Re: Rephrase - Could you sod off Spinoza



In article <dbb898d2-f447-4c10-af37-d455a8c19057@xxxxxxxxxxxxxxxxxxxxxxxxxxx>, spinoza1111 <spinoza1111@xxxxxxxxx> writes
So? C is a programming langauge. Get over it.

Typical programmer logic, often reflected in bugs: if p->q then p==q.
Here p is the assertion that "C is a programming language" and q is
the assertion that "this news group is about programming": from q is
inferred invalidly that "we need only cover C".

You're the one who introduced the "only" bit. That's inventing a strawman, otherwise known as non-collegiate intellectual dishonesty.

Because C IS a
programming language, we can certainly talk about it here.

Correct.

But it
seems to be the only language that Richard or Randy know (even though
they err in its usage), therefore they squelch conversations about
other languages by means of character assassination.

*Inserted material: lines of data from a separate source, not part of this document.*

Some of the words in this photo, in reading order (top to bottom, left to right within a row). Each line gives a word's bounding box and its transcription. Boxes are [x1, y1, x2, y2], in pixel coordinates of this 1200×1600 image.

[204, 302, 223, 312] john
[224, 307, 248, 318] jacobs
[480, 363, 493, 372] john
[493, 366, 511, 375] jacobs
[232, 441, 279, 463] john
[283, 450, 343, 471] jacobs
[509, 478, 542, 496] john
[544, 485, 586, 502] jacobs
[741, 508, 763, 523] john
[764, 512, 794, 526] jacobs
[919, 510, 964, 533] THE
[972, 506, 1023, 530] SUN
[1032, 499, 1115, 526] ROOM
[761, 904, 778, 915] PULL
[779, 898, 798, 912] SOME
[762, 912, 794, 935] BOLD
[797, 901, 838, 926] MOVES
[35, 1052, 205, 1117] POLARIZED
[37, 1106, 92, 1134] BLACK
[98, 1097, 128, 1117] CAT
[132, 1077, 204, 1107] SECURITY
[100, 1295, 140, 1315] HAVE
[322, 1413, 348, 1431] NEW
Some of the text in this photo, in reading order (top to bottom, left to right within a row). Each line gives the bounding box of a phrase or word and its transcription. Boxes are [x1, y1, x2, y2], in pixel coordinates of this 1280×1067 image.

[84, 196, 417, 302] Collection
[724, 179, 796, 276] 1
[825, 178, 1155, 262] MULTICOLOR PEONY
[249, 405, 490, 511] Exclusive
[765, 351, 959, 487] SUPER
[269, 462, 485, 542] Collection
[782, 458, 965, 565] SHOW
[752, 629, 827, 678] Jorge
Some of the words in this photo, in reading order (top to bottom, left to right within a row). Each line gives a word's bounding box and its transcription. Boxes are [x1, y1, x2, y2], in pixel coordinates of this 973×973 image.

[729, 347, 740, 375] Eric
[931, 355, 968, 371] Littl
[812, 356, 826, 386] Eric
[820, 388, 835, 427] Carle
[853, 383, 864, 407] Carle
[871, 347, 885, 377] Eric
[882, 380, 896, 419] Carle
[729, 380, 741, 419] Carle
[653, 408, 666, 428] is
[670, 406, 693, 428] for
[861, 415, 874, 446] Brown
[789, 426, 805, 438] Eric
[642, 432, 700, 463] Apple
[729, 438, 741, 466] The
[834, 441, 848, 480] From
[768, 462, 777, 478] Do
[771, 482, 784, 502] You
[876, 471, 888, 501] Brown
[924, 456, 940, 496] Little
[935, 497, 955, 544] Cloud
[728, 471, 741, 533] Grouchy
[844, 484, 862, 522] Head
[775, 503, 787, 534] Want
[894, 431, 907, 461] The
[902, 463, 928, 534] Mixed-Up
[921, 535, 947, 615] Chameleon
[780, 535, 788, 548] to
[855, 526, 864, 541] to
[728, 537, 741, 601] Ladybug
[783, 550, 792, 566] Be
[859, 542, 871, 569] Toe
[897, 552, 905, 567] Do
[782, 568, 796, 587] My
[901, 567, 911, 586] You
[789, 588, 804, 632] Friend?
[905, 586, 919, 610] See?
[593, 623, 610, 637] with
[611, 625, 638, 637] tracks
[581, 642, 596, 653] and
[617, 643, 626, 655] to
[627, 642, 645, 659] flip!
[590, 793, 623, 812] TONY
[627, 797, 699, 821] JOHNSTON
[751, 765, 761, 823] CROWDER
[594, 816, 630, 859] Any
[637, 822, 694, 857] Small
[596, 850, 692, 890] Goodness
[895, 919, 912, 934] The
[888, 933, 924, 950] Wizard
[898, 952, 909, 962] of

I don't see them squelching conversations about C++ or Quan.

This is comp.programming. It covers _ALL_ progarmming. There is no
requirement that modern approaches or object-oriented is covered _ONLY_.

Wow: such logic. I'm not asking for OO only.

But you seem to be asking for no C. Or nothing that might suggest that your blinkered view of C is wrong.

You need more real-world experience. In the real world, existing C
programs written for older and noncompliant compilers are never
recompiled using new compilers,

Wrong.

and the old compilers are retained to
compile the legacy code, because owing to Clive et al.'s hard work and
the lack of static nesting in C, the legacy code needs to be
completely reviewed, line by line, by a Fat *** before it can use
the compliant compiler.

Any time you change environments you need to check for changes. That applies equally in other languages.

In any case, support for existing code was an explicit goal of the C90 Standard (not my hard work, because it was before my time, old boy). Most of the awkward bits in there are precisely to allow existing code to continue to work unchanged. [If that wasn't a goal, lots of stuff would have been different. No functions without prototypes, for example.]

[...]
Well the criticism _IS_ deserved.

Quite a lot of assertions, all centering around people. Off topic, of
course.
[...]
Schildt's problems are caused by the fact that the poor design of C
makes fools out of good people,

out of fools, actually

as in the case of Nuls and undefined
behavior in cases, like memcpy(), where the designers and the
committees were too lazy and frightened to think hard. It appears to
me that Ritchie rejected length codes for strings just because IBM
used them in PL.I, and this was childish thinking that pretends that a
subset of computer technicians, who were just as much a part of the
military-industrial complex as was IBM, could differentiate themselves
with stylistic clues such as stupid beards, and a deliberate choice
not to follow IBM's length code lead.

It also appears to me that the C design team failed to notice that
"moving non-overlapping strings" needs to be treated as a special case
of "moving strings which may overlap", because they lacked Dijkstra's
combination of mathematical maturity and compassion for people who are
trying to use computers to solve real-world problems governed by
Murphy's law.

Then, Clive and his friends "standardized" this ***, and the trouble
really began.

Quite a lot of assertions, all centering around people. Off topic and completely wrong, of course.